That Nothing's new album would be called The Great Dismal is probably the least surprising thing that has happened all year. The title seems almost inevitable. Even before the worldwide pandemic, lockdowns, quarantines, social unrest, and violence, Nothing frontman Domenic Palermo was not exactly the world's happiest camper. His and his band's various trials and travails have been well-documented; there is no need to rehash them here. But it seems an album promoted as "explor[ing] existentialist themes of isolation, extinction and human behavior in the face of 2020's vast wasteland" was always in the cards for him; it was just a matter of filling in the appropriate year.

In addition to all the external craziness, Nothing have dealt with some inner upheaval, too. Long-time co-writer/singer/guitarist Brandon Setta departed, leaving Palermo and drummer Kyle Kimball as the only band members left from their 2016 fan-favorite Tired of Tomorrow. Along with Setta went a degree of sonic shimmer and the purely romantic element he brought to the band's music. The upside is that it has left Palermo more focused. The Great Dismal is Nothing's sharpest, most concise, and most consistent album to date.

One familiar element is the producer. After work with veteran John Agnello (Dinosaur Junior, Sonic Youth) yielded a more fuzzy, lo-fi sound on Dance on the Blacktop (2018), Palermo has brought back Will Yip, who helmed Tired of Tomorrow. On The Great Dismal, Yip takes Nothing's roaring yet often pretty guitar/effects-heavy sound and hones it down to its essence. This is music that sounds good coming out of the speakers or headphones at high volume. Palermo and new guitarist Doyle Martin's guitars buzz and slice while Kimball's drums pop authoritatively, assaulting the arrangements as much as keeping the beat.

The temptation with a band like Nothing is to describe their music by rattling off a list of whom it sounds like. Indeed, with a few changes in tempo and effects pedals, most of the ten songs on The Great Dismal could have been performed by most of the excellent, loud guitar-based alternative bands of the 1990s. That's not a knock; it is a testament to the quality and confidence of Palermo's songwriting and artistic vision. Yes, there at least a few mid-tempo songs that are anchored by Kimball's open hi-hat. But at least one of those, "Ask the Rust", is cathartic, affecting, and unforgettable, complete with a psyched-out coda. And if the ultra-lush "Blue Mecca" comes across as a slowed-down version of "Ask the Rust", one could argue that in itself is in keeping with shoegaze aesthetics.
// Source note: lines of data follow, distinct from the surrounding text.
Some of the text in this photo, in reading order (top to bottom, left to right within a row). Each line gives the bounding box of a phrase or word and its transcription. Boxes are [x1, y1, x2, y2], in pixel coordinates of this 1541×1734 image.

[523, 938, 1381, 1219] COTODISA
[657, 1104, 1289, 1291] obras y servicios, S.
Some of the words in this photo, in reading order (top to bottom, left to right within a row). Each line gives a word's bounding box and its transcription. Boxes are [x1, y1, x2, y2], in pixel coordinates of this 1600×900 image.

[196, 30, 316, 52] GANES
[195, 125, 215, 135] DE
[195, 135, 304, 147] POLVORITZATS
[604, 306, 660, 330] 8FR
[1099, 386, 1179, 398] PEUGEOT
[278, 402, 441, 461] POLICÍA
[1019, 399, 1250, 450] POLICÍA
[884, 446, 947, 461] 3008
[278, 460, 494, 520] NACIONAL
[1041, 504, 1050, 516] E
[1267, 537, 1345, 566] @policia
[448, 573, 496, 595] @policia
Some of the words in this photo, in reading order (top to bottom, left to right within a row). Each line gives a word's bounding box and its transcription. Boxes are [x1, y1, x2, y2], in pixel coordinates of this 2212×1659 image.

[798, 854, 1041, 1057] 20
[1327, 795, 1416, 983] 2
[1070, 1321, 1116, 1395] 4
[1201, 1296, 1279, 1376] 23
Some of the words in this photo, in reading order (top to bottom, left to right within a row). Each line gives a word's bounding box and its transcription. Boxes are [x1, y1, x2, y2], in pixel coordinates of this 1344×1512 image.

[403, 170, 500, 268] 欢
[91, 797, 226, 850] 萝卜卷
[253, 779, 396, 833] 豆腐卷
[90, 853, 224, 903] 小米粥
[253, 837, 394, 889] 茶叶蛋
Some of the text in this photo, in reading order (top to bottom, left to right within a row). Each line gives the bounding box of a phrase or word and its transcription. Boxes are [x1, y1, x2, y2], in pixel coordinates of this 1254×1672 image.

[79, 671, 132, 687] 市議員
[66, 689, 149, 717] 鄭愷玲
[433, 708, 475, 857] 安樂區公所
Also, though, there is plenty of variation to keep things fresh. The guitar-only opener "A Fabricated Life" is super-pretty but more doomy than romantic, as Palermo observes a society who "sing the same songs / Beat the same old tired drums." The uptempo, drum machine-driven clatter of the single "Say Less" is probably the first Nothing song that could credibly be described as "danceable". Any danger of The Great Dismal getting lost in its nihilistic black hole is put off by the melodious, almost sweet power-pop of "Catch a Fade" and the surging, hand-in-the-air rush of the magnificent "Famine Asylum".

Palermo has a few nifty turns of phrase up his sleeve as well. "Paradise is always somewhere…always somewhere else" goes the album's most memorable chorus, from "In Blueberry Memories". The divebombing grunge guitars on "April Ha Ha" eventually give way to a chilled-out coda in which Martin ponders the question, "Isn't it strange / Watching people try and outrun rain?" Both the line and the song's title seem like references to the pandemic.

Under Yip's guidance, The Great Dismal trades subtlety for distilled power. When it's quiet, a guitar blast is usually only seconds away. There are a few abrupt edits that are the work of Pro-Tools or some such software. But maybe these are small prices to pay for an album that plays to Palermo's strengths in such a satisfying fashion.